Give the entries below again exactly. Their pictures are not needed.

- _Saved entries_
◆ ◆ ◆ ◆

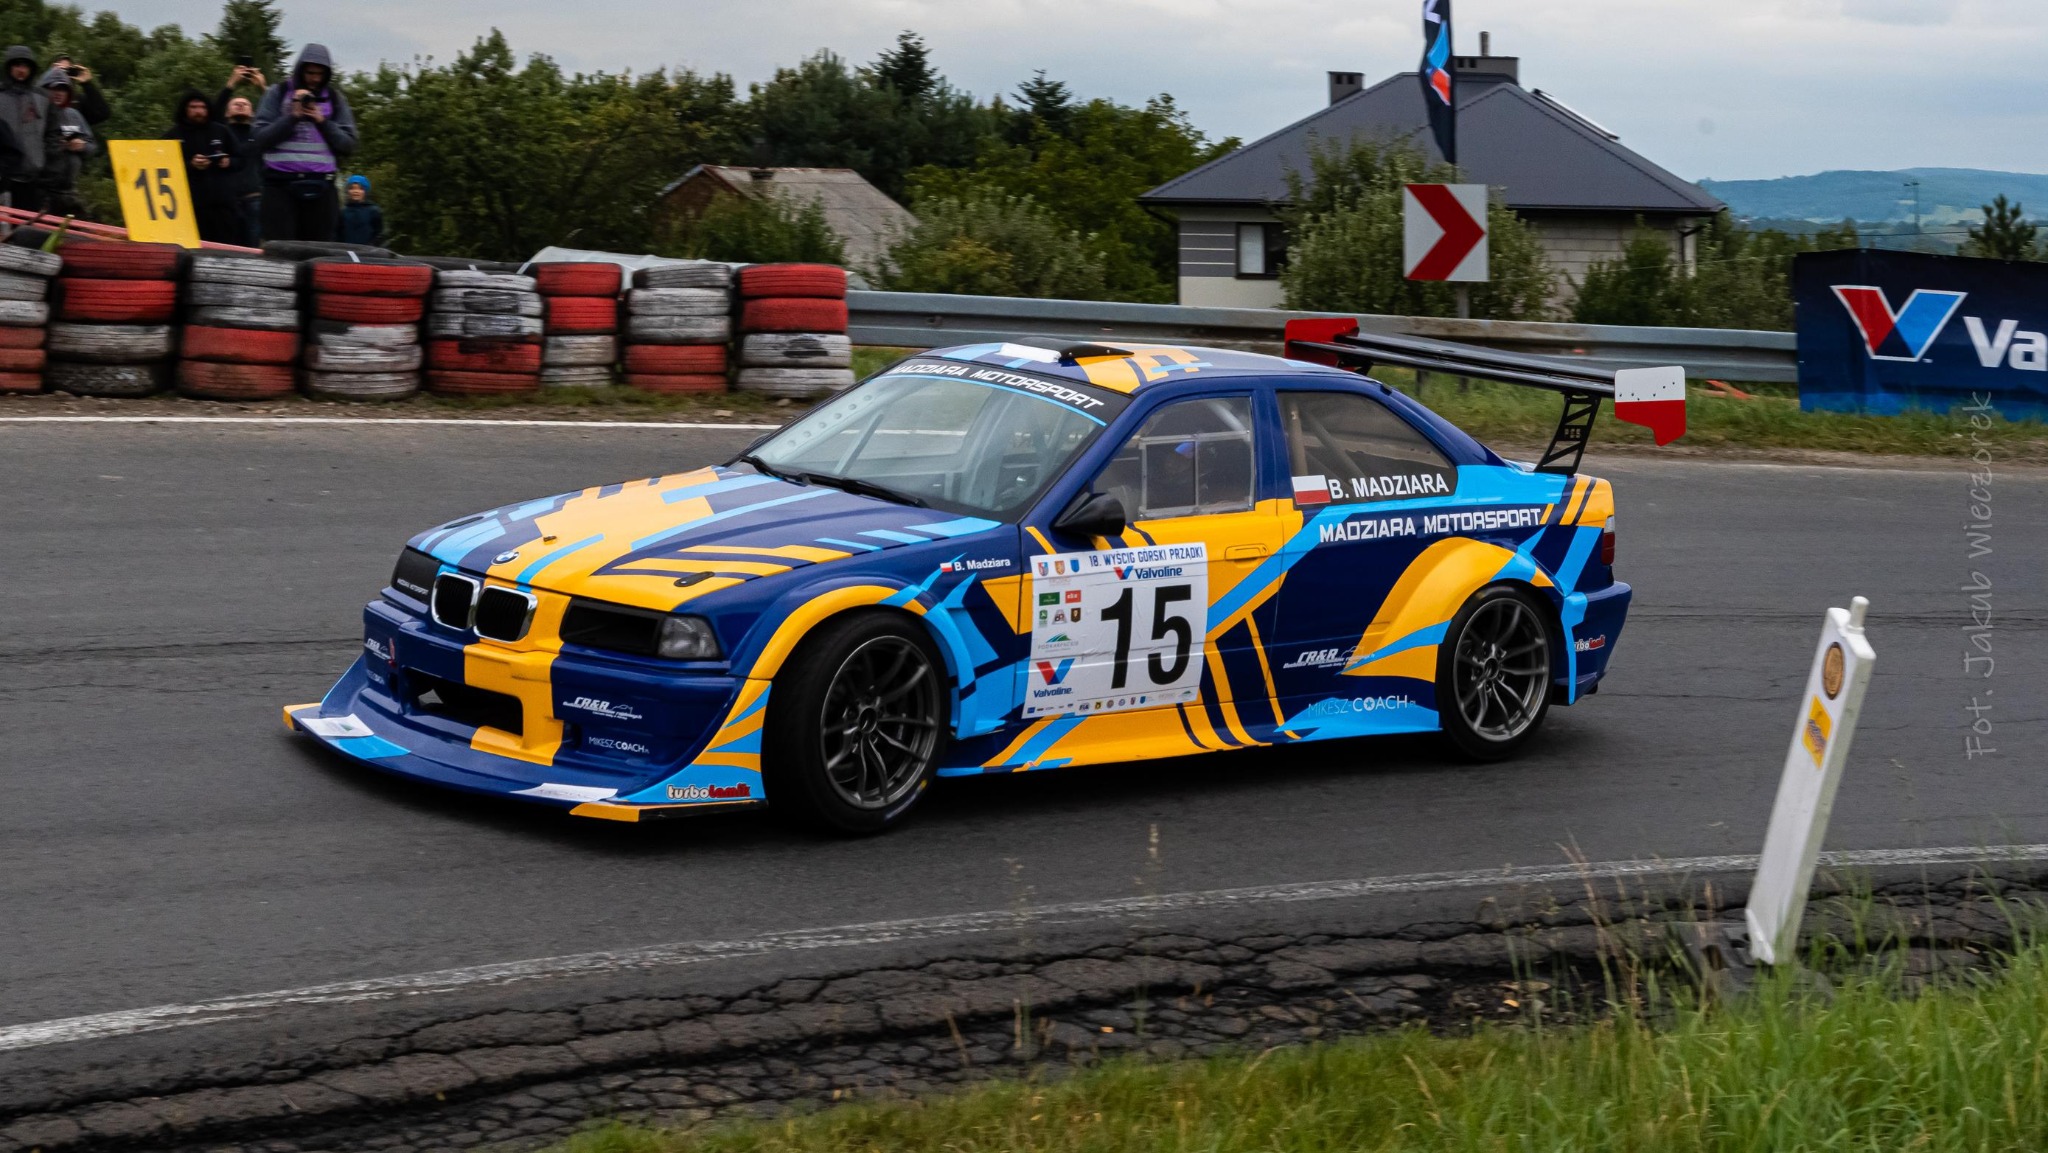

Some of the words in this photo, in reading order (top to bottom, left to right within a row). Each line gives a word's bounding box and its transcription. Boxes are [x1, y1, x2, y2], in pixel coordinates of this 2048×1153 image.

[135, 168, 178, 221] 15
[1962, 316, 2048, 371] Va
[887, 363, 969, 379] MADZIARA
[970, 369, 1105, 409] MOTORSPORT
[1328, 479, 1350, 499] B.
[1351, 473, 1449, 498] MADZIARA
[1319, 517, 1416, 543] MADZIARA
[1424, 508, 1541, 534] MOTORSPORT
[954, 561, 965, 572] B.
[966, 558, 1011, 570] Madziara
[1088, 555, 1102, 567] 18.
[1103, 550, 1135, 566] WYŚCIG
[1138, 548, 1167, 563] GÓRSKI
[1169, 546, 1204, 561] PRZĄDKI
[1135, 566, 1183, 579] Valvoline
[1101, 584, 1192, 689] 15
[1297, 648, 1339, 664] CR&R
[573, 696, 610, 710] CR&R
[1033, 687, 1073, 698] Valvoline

◆ ◆ ◆ ◆

- _ANSWER BOX_
Some of the words in this photo, in reading order (top to bottom, left to right within a row). Each line gives a word's bounding box and its transcription. Boxes are [x1, y1, x2, y2], in pixel coordinates of this 2048×1153 image.

[135, 168, 178, 221] 15
[1962, 316, 2048, 371] Va
[887, 363, 969, 379] MADZIARA
[970, 369, 1105, 409] MOTORSPORT
[1328, 479, 1350, 499] B.
[1351, 473, 1449, 498] MADZIARA
[1319, 517, 1416, 543] MADZIARA
[1424, 508, 1541, 534] MOTORSPORT
[954, 561, 965, 572] B.
[966, 558, 1011, 570] Madziara
[1088, 555, 1102, 567] 18.
[1103, 550, 1135, 566] WYŚCIG
[1138, 548, 1167, 563] GÓRSKI
[1169, 546, 1204, 561] PRZĄDKI
[1135, 566, 1183, 579] Valvoline
[1101, 584, 1192, 689] 15
[1297, 648, 1339, 664] CR&R
[573, 696, 610, 710] CR&R
[1033, 687, 1073, 698] Valvoline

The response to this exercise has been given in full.